The gene expression of uniparental blastocysts. (A) Clustering RNA-seq of human GV, MI, MII, two-cell, eight-cell, diploid AG/GG/Bi-P, and primed hES cells. (B) Plots showing the oocyte-specific (left) and ZGA-related (right) gene expression levels in Bi-P, AG, and GG blastocysts. The criteria of the “oocyte-specific genes” were oocyte-specific genes identified by selecting those expressed at the oocyte stage (FPKM ≥ 5) but not expressed or expressed at low levels in the embryo stage (FPKM ≤ 1) in both mRNA-seq and total RNA-seq.

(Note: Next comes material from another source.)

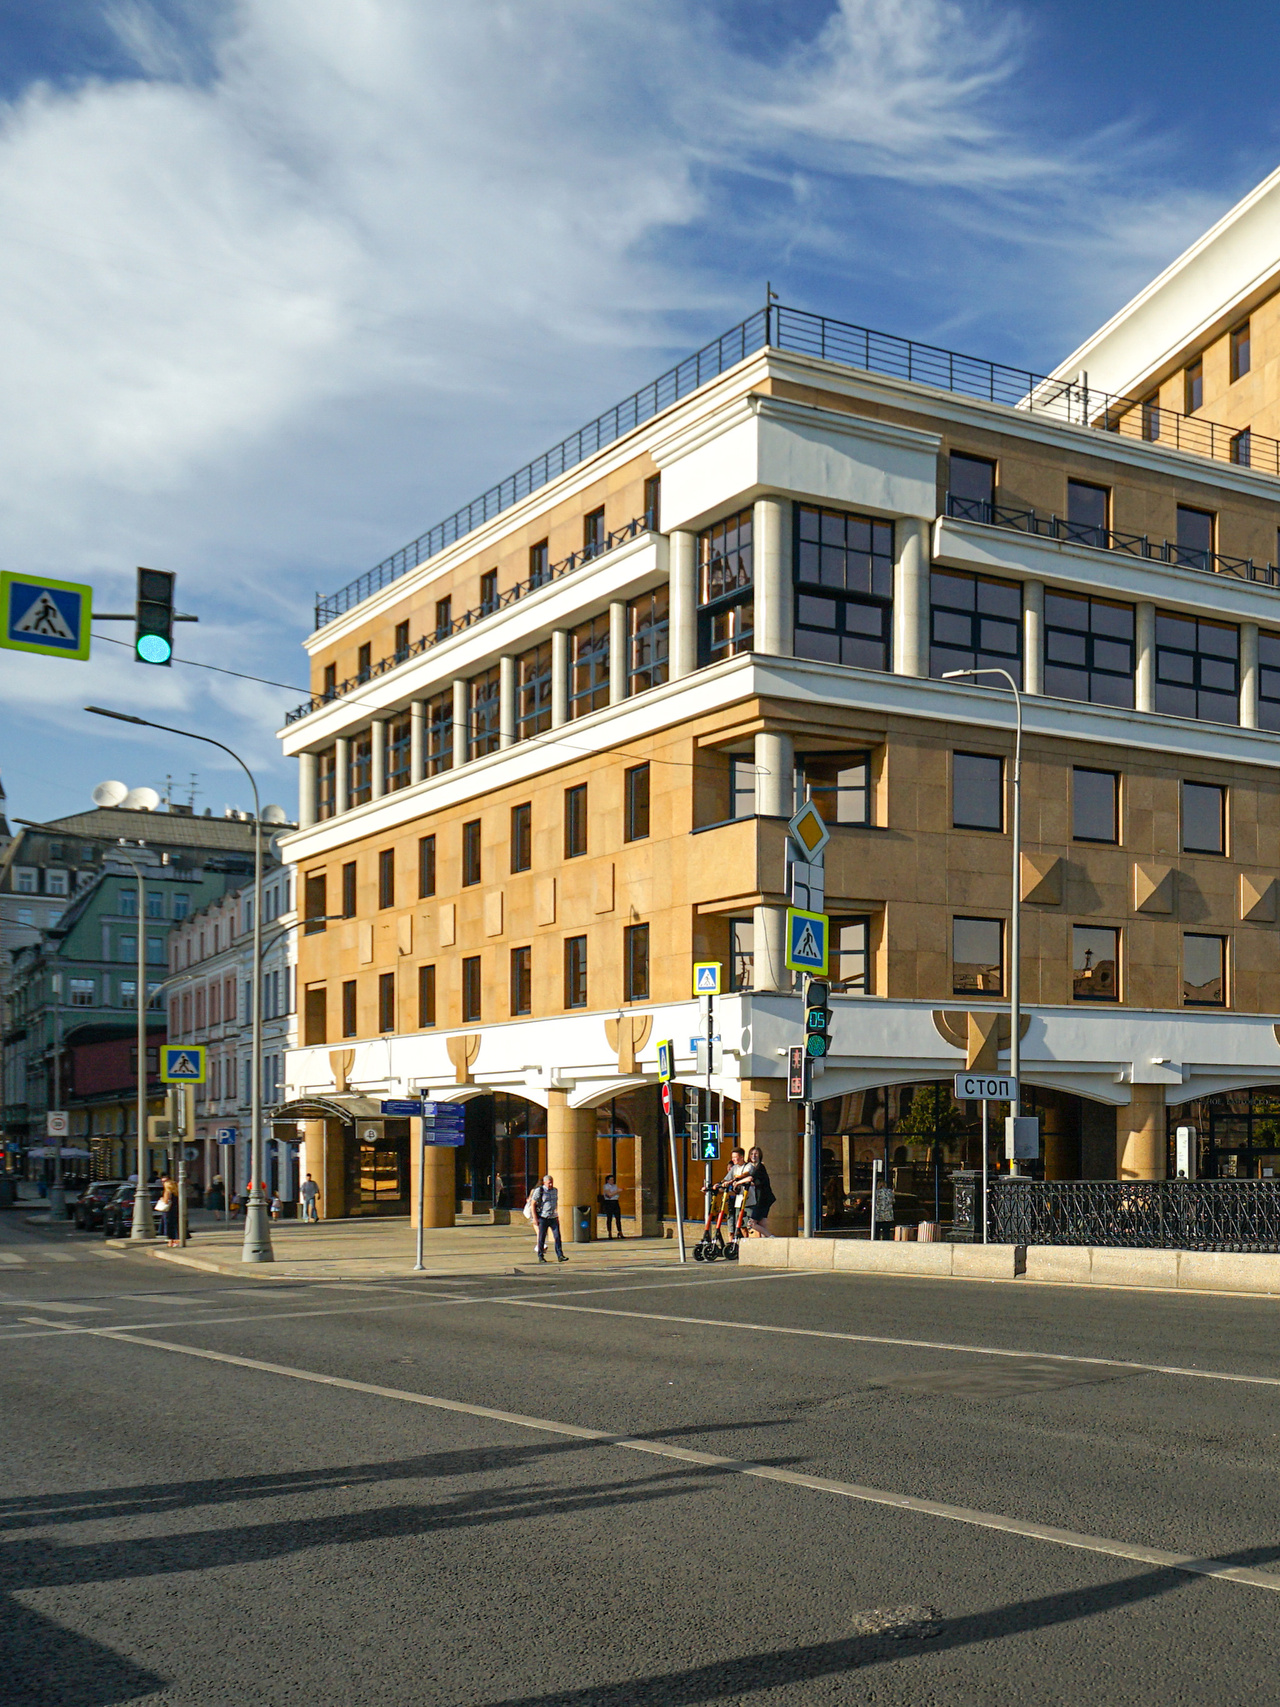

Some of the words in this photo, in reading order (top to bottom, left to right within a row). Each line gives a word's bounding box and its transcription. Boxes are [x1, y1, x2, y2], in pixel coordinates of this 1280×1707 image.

[809, 1011, 825, 1028] 05
[965, 1079, 1009, 1096] СТОП
[219, 1130, 230, 1143] P
[702, 1124, 718, 1140] 34

On the other hand, only the genes that were expressed (FPKM ≥ 5) in the post-ZGA stages but not expressed in the oocyte (FPKM ≤ 1) were identified as ZGA genes. (C) Bar plot showing the expression levels of the marker genes CDX2, GATA6, POU5F1, and NANOG in MII oocytes and Bi-P (two-cell eight-cell and blastocysts), AG, and GG blastocysts. (D) Venn diagrams show the DEGs in the uniparental versus biparental groups. Only the genes expressed at one stage with FPKM ≥ 5 and at least twofold changes between two groups and with a P-value generated by DESeq2 (Love et al. 2014) less than 0.05 were selected as DEGs. (E) Venn diagram showing the comparison of DEGs in our study and previously published studies (Zhang et al. 2019). Only the genes expressed at one stage with FPKM ≥ 5 and at least twofold changes between AG and GG and with a P-value generated by DESeq2 (Love et al. 2014) less than 0.05 were selected as DEGs in our study. (Bi-P) Biparental embryo, (AG) androgenetic, (GG) gynogenetic.